September 27th, 2007
Nothing kinky here. Amanda is not a girl, but rather a really nice piece of software —
The Advanced Maryland Automatic Network Disk Archiver. In short, a backup program. Details can be found at http://www.amanda.org, or at http://www.zmanda.com (with documentation at http://wiki.zmanda.com). I’ve been following Amanda for a couple of years, and started using it intensively last January. I’ve been extremely happy with my decision to implement Amanda, so I decided to list some of the reasons.
1. Amanda is a simple, elegant and powerful tool. It is a planner and scheduler for backups. It does what it does better than any other program, and it doesn’t try to reinvent the wheel or throw in the kitchen sink (see 2 & 3). There is depth, maturity and complexity to Amanda, because it has been around for quite a while (over 15 years) and the task it undertakes has some complexity to it. But it has stayed focused and true to its original, fundamentally sound design concepts.
2. Amanda uses native tools to do the actual backups rather than trying to write its own. This has a variety of implications. (a) It is using tools that have a broader base and more extensive testing than would be possible if Amanda developers wrote their own backup code. (b) It gives the user a choice. For example, on Solaris you can use ufsdump, and on Linux you can use gnutar. (c) It avoids a whole class of potential bugs that could creep into the program (gee, we didn’t get those acl’s on Mac OS X quite right). (d) It makes it relatively straightforward to extract and recover data even if Amanda is unavailable to assist. (e) It makes it easier to support a broader selection of platforms.

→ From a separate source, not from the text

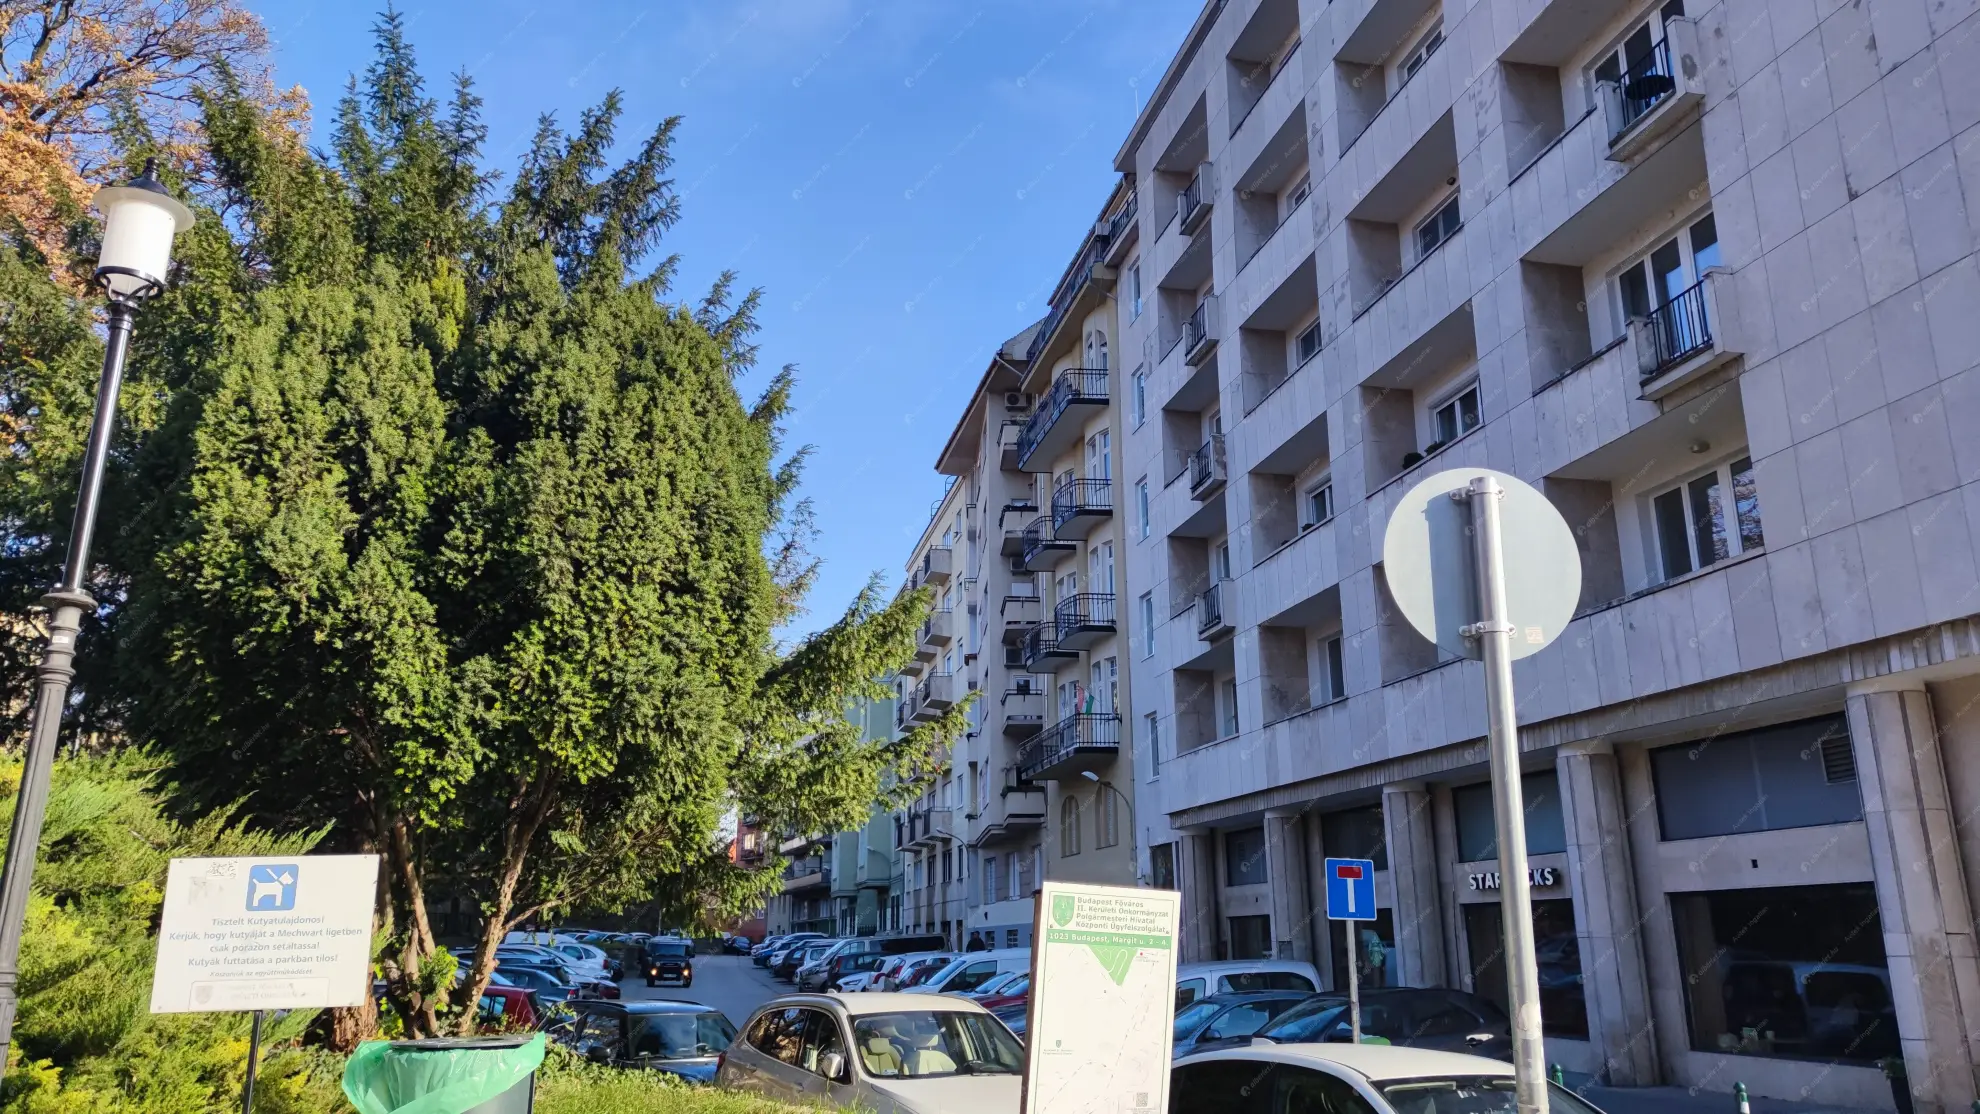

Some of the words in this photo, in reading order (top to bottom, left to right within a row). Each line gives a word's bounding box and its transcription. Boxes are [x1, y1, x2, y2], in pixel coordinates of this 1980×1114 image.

3. Amanda is minimilist in that it doesn’t require the installation of other significant packages (beyond what’s typically on a Unix or Linux system by default) for functionality that is critical to Amanda’s operation. For example, it doesn’t store records and indexes of its backups in an SQL database. So, you don’t need to get anything else running to run Amanda, you don’t have the system load associated with other software (or need an additional server to run it), and you aren’t cripled in a disaster recovery situation by having to get more stuff up and running before you have full functionality.
4. Amanda is really good at multitasking. During my testing, I had terminal sessions open to several of my servers. They each had top running with the command to display jobs for user amanda. When I launched amdump on the server, I almost immediately saw multiple jobs firing up on all the servers. Amanda had estimates going on all of them, and soon had data streaming in from several of them. I had two spool drives, and I could watch data accumulating on them and then going out to tape. With adequate resources and tuning parameters, Amanda can orchestrate quite a show.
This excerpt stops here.